Meet the Gang
A Landmark

The history of The Tap Tavern dates back for many hundreds of years, though of course it was not called TheTap Tavern until relatively recently. The Tap lies in the wake of the 11th century St. Multos church. There is 15th century documentation which puts a single story building on the site of what is now The Tap. This building was a meeting point where people would gather either before or after attending church to discuss the affairs of the day or gossip about their neighbors or philosophize. Little has changed in 500 years.

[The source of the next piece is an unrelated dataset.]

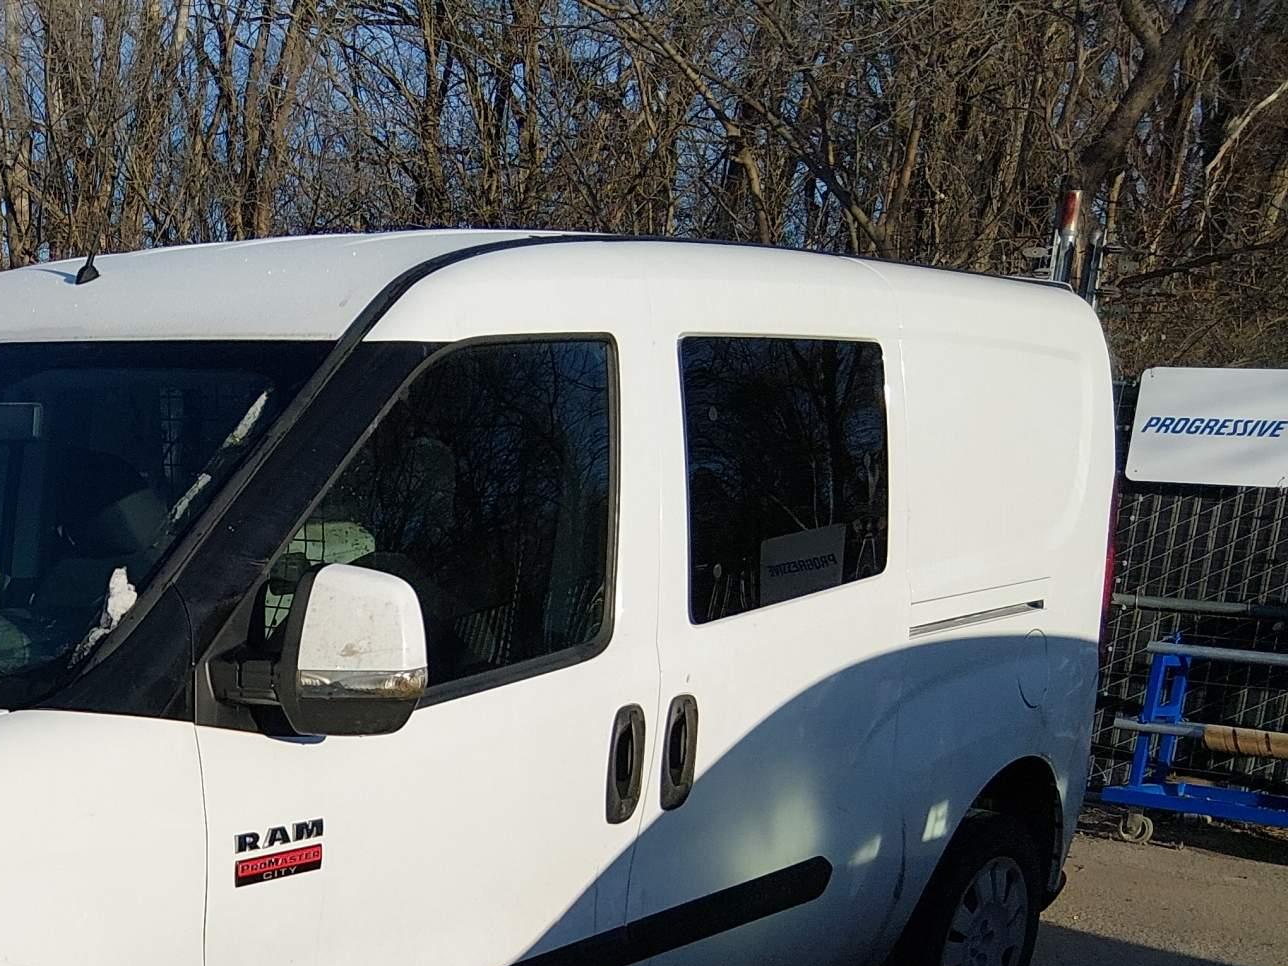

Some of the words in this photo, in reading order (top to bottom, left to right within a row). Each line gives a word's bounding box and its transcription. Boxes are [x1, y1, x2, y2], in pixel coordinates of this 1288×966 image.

[1141, 416, 1288, 438] PROGRESSIVE
[234, 818, 323, 854] RAM
[263, 866, 298, 880] CITY

More recently, 1933, John(Sheano) Barry took over the bar. He called the bar ‘Barrys’ and ran it with his wife Annie Barry. When Sheano died his wife Annie ran the bar successfully right up until her death in 1974 when the Bar was handed down in the family to Mary O’Neill and her husband Tim O’Neill who renamed it "The Tap Tavern". The bar is currently being managed by Mary and Tim’s son Brian.

A Traditional Irish Pub Run in a Traditional Manner

In the hustle and bustle and opulence of Kinsale it is a pleasure to find a pub that still retains the character and beauty that gave Irish pubs their name. To often we see beautiful old pubs ripped asunder and replaced with the ubiquitous pseudo-old pubs that can now be found in every corner of the country. The Tap Tavern is not such a pub; it is a traditional Irish pub run in a traditional manner. Upon entering The Tap Tavern you are transported back to a bygone era. You will be immediately struck be the number of old pictures and memorabilia that you will find around the bar.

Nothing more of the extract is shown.